EXERCISE DETAILS:
An exact, complete copy of the entries is needed, with the pictures left out.

------ EXCERPTED DATA ------

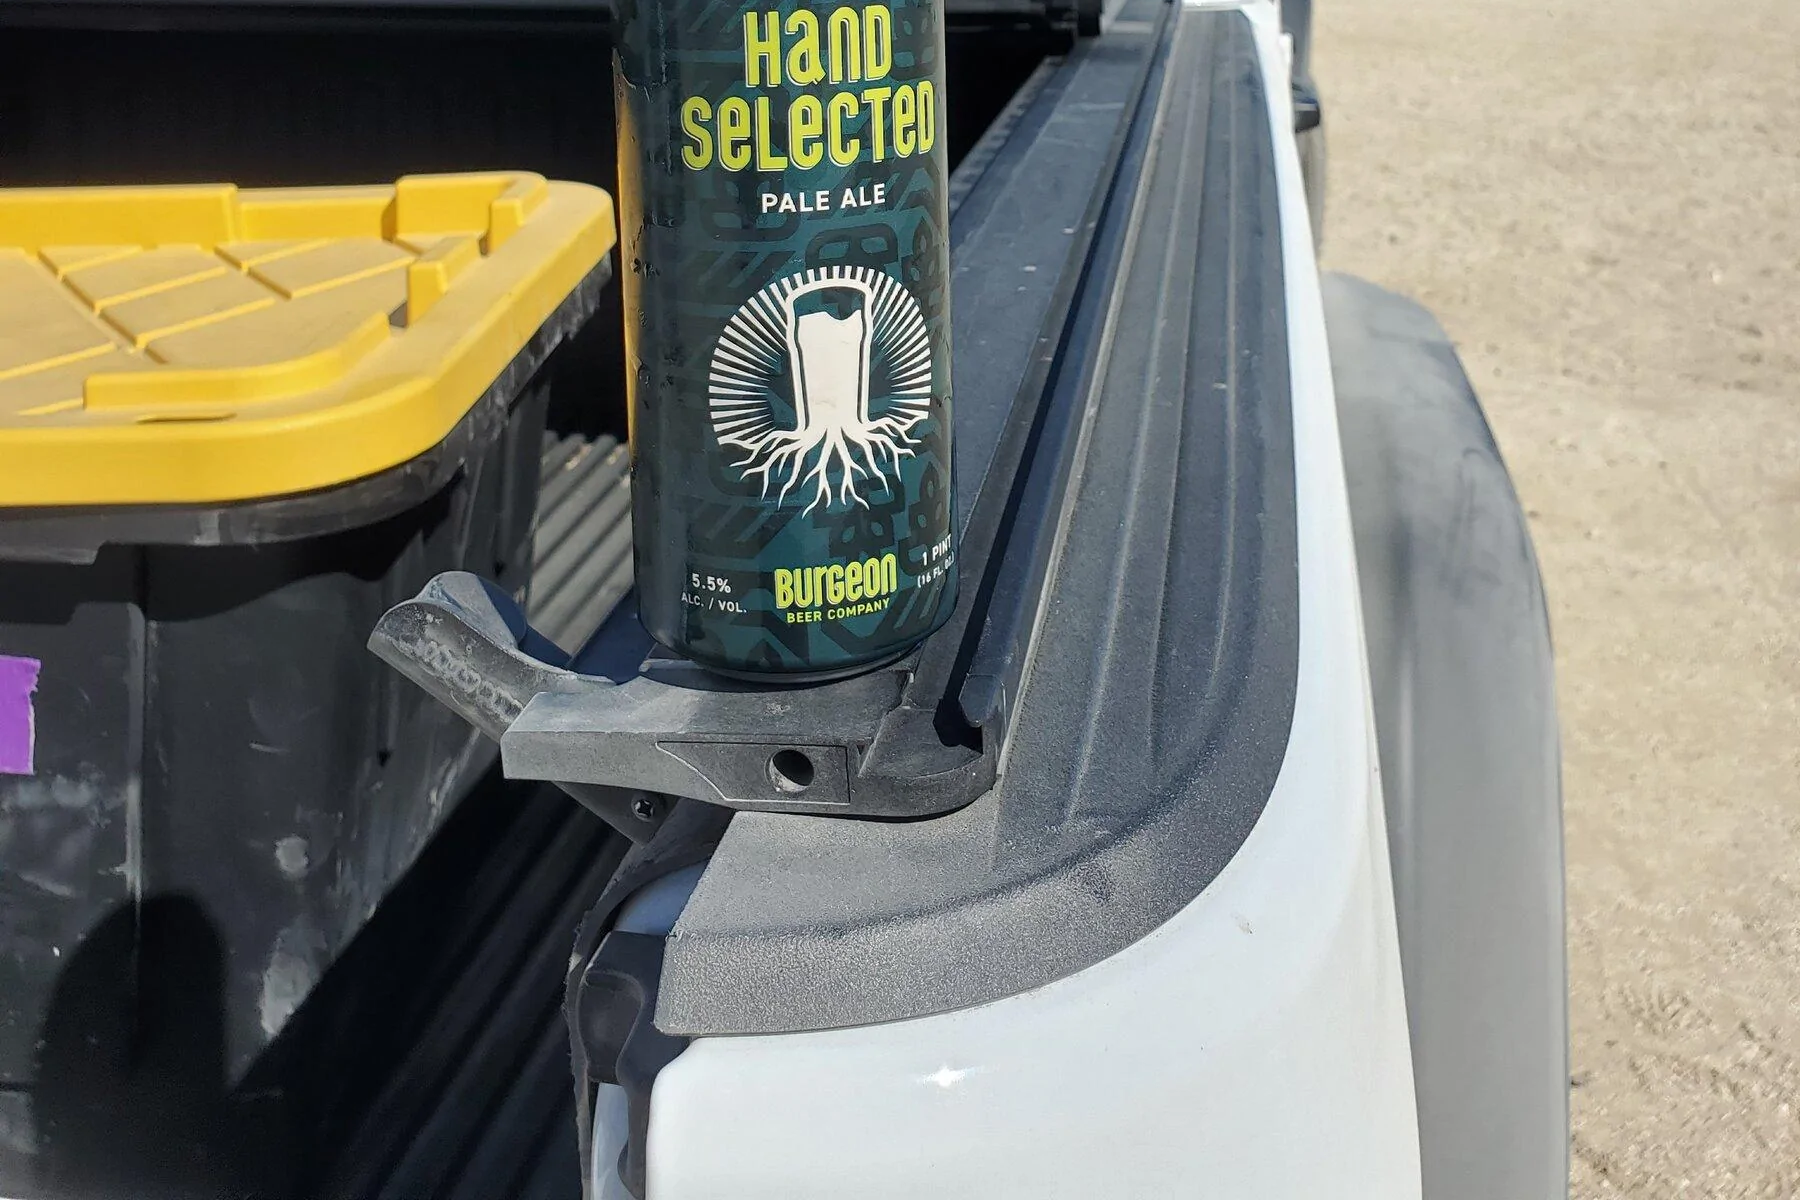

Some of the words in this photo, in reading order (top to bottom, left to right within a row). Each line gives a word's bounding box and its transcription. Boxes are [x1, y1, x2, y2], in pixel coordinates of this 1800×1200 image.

[761, 190, 831, 214] PALE
[840, 183, 886, 209] ALE
[922, 551, 928, 566] 1
[932, 533, 952, 561] PINT
[692, 572, 732, 593] 5.5%
[917, 572, 932, 588] (16
[681, 591, 705, 607] ALC.
[718, 599, 747, 613] VOL.
[786, 610, 822, 623] BEER
[827, 597, 890, 620] COMPANY
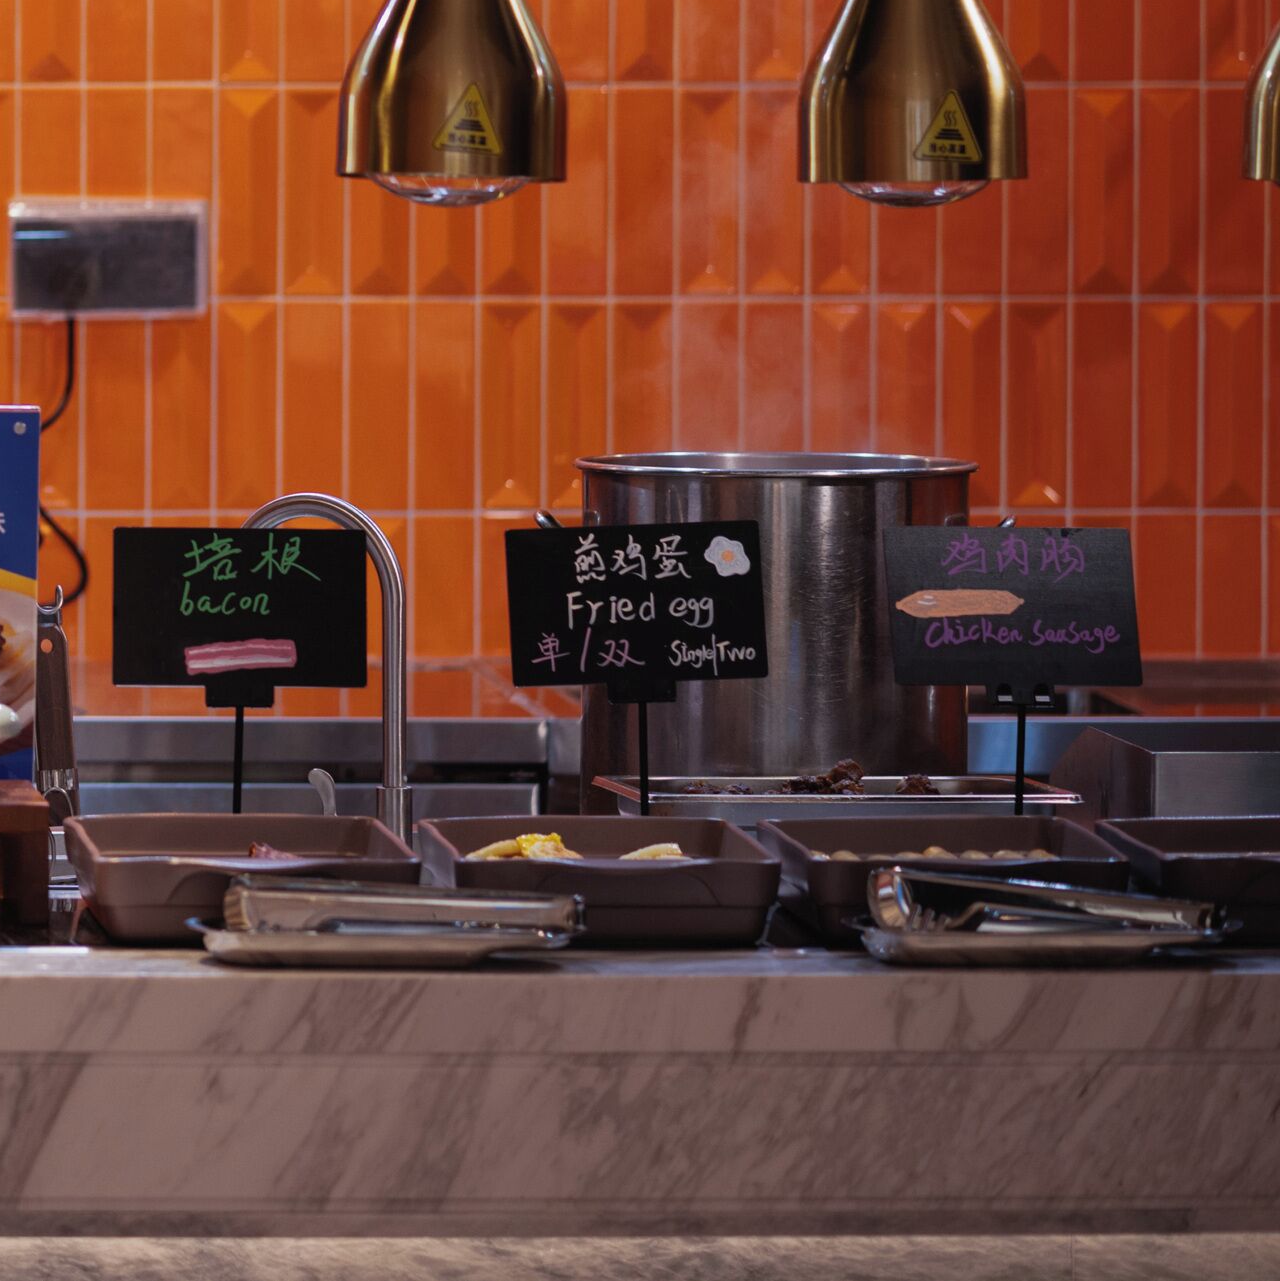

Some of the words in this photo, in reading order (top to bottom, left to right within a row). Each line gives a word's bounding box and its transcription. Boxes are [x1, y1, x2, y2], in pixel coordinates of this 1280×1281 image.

[182, 532, 321, 581] 培根
[573, 532, 692, 583] 煎鸡蛋
[941, 532, 1086, 583] 鸡肉肠
[180, 581, 270, 616] bacon
[566, 591, 655, 630] Fried
[669, 596, 714, 628] egg
[925, 617, 1022, 648] Chicken
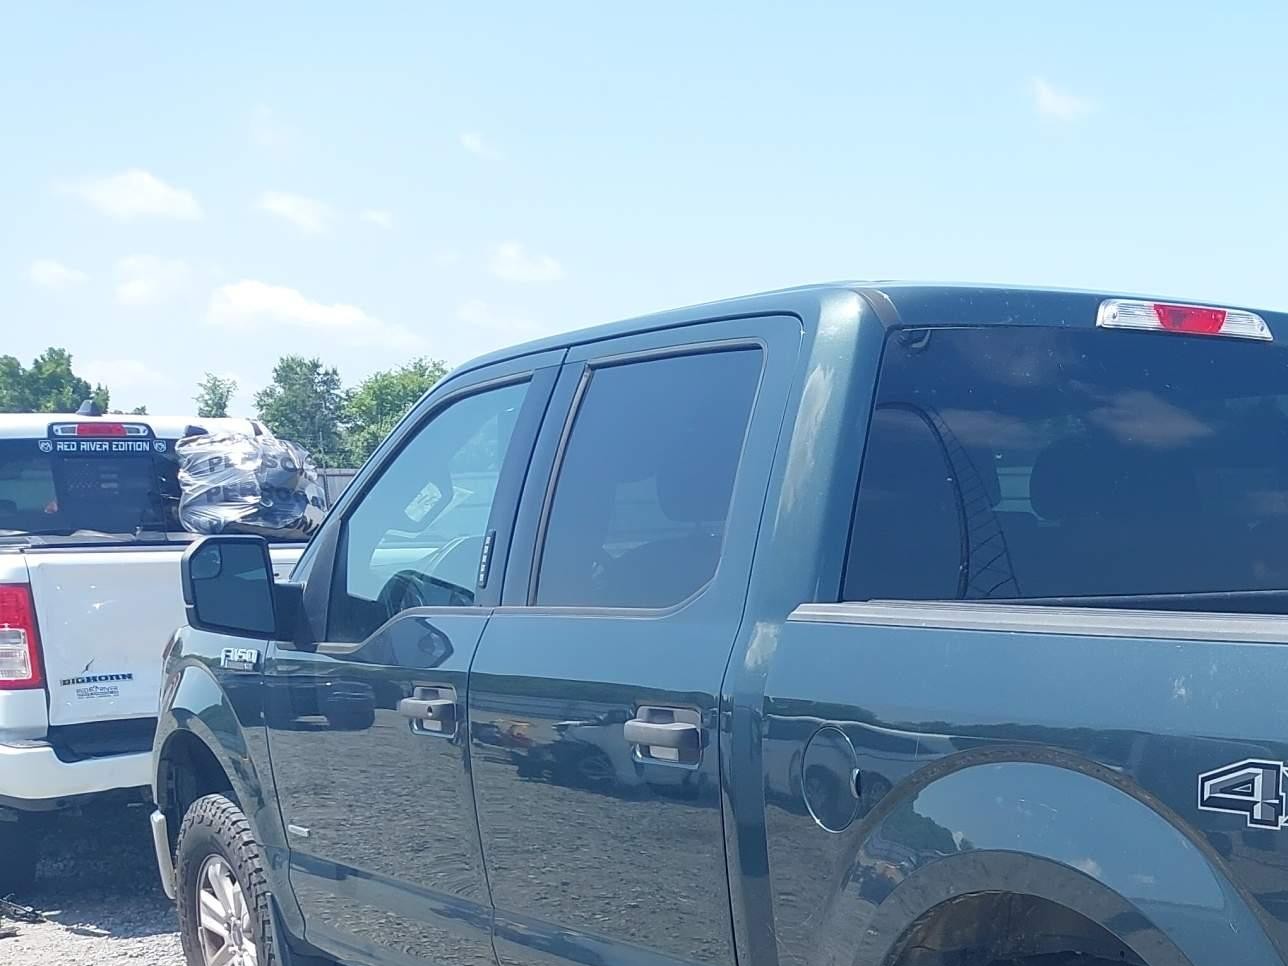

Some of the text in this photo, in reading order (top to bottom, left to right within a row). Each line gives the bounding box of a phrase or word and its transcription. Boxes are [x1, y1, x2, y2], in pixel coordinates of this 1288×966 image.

------

SOLUTION TO THIS EXERCISE:
Some of the words in this photo, in reading order (top to bottom, left to right within a row). Each line gives a word's bounding box and its transcription. Boxes are [x1, y1, x2, y2], in pixel coordinates of this 1800×1200 image.

[761, 190, 831, 214] PALE
[840, 183, 886, 209] ALE
[922, 551, 928, 566] 1
[932, 533, 952, 561] PINT
[692, 572, 732, 593] 5.5%
[917, 572, 932, 588] (16
[681, 591, 705, 607] ALC.
[718, 599, 747, 613] VOL.
[786, 610, 822, 623] BEER
[827, 597, 890, 620] COMPANY

Some of the words in this photo, in reading order (top to bottom, left to right within a row). Each line gives a word's bounding box and its transcription. Boxes are [x1, y1, x2, y2], in pixel coordinates of this 1280×1281 image.

[182, 532, 321, 581] 培根
[573, 532, 692, 583] 煎鸡蛋
[941, 532, 1086, 583] 鸡肉肠
[180, 581, 270, 616] bacon
[566, 591, 655, 630] Fried
[669, 596, 714, 628] egg
[925, 617, 1022, 648] Chicken

Some of the text in this photo, in reading order (top to bottom, left to right within a row). Each line gives the bounding box of a phrase or word and its transcription. Boxes are [x1, y1, x2, y2], in pixel coordinates of this 1288×966 image.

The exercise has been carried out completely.